In his south-city home with his rickety old cat, Skinny, and a plate of elegant cookies for a guest, Richard Trennepohl, 58, looks back on the bad old days of elementary school, dressing hair for fancy west-county ladies and the bad-ass party scene that once thrived in the city.
"The apartment building I lived in had so many queers in it they called it Lavender Abbey," he says of the block of Maryland in the Central West End that he used to call home. "It was all the gay guys and a bunch of little old ladies, which was fun. Someone would pop up to see if you wanted to come for coffee."
In those days in the '70s and early '80s, he says, the neighborhood was called the "gay ghetto." Just mentioning the neighborhood might be enough to start a conversation: "I recall there was a time if you said you lived in the Central West End, people just assumed you were gay."
Both the Delmar Loop and the Shaw neighborhood's Magnolia Avenue were also considered gay parts of town. Indeed, it was for Magnolia Avenue that the Magnolia Committee, which launched the first Gay and Lesbian Pride Celebration in 1980, was named.
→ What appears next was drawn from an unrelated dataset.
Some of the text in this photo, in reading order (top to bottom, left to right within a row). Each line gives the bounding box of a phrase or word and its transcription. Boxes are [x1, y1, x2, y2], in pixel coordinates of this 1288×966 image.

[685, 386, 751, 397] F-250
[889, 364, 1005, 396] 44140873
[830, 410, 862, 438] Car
"It was a different crowd, different interactions probably. I was out every night — that was my thing. That was it back then — the bar."
He loved Clemetine's, NITES, Loading Zone. Back then, you couldn't just Google your way into bars like that, of course: "You found them through word of mouth, one of the bar rags — the newspapers. We've always had them."
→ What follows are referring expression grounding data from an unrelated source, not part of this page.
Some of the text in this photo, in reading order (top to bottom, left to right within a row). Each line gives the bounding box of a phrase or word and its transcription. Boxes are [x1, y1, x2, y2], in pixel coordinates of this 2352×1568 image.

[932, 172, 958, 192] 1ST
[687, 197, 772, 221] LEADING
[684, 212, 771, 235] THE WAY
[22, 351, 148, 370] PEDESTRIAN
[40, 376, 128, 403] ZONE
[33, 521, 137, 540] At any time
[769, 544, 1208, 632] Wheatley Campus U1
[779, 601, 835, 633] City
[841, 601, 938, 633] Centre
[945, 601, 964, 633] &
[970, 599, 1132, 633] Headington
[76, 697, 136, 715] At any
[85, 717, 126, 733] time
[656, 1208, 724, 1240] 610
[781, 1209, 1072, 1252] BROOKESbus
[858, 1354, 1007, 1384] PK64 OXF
The best bar, he says, was the old Herbie's, located at Euclid and Maryland avenues, just a few blocks from its current location. Steven Brawley has devoted an entire section to the place on his blog; it would appear that Studio 54 had nothing on the spot.
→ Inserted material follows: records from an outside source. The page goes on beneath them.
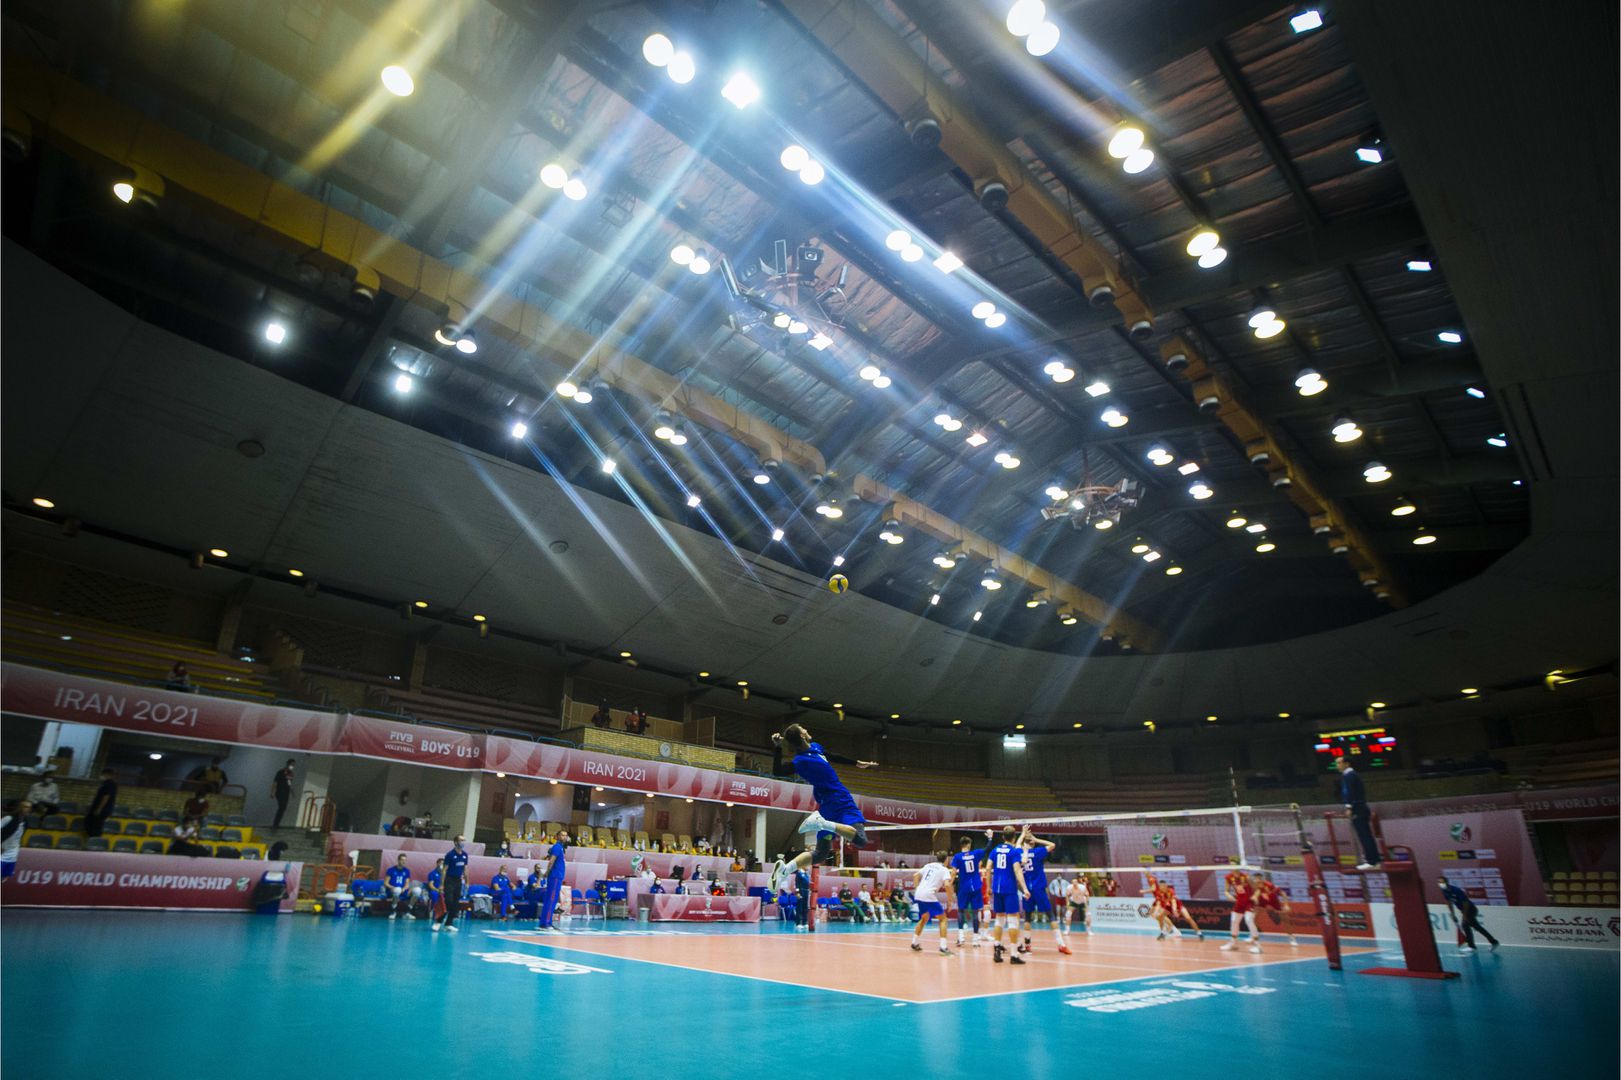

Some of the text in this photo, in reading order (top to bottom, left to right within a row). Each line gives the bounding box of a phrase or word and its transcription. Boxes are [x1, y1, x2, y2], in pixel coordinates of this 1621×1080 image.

[53, 687, 199, 727] IRAN 2021
[457, 745, 481, 759] U19
[583, 760, 646, 782] IRAN 2021
[1551, 798, 1598, 809] WORLD
[875, 804, 917, 820] IRAN 2021
[965, 860, 976, 873] 10
[996, 853, 1007, 869] 18
[17, 870, 233, 891] U19 WORLD CHAMPIONSHIP
[1529, 927, 1606, 938] TOURISM BANK
"Herbie's was really, to me, what I imagine a dance club in New York would have been like," Trennepohl says. "It had an eclectic group of people: heteros, females, high-energy music. It was upscale. I really hated the fact that it closed."
Even the cops, it seemed, respected the neighborhood's gay flavor.
One night, Trennepohl and some friends were out carousing in the West End at the Potpourri, which he claims was "notorious" for serving minors. The police came and asked for identification, so Trennepohl and his friends — all legal, mind you — decided to split for Herbie's.
A police officer informed Trennepohl that they shouldn't be carrying their drinks outside. Trennepohl insisted it was OK. But he couldn't help telling the officer, "You are so cute."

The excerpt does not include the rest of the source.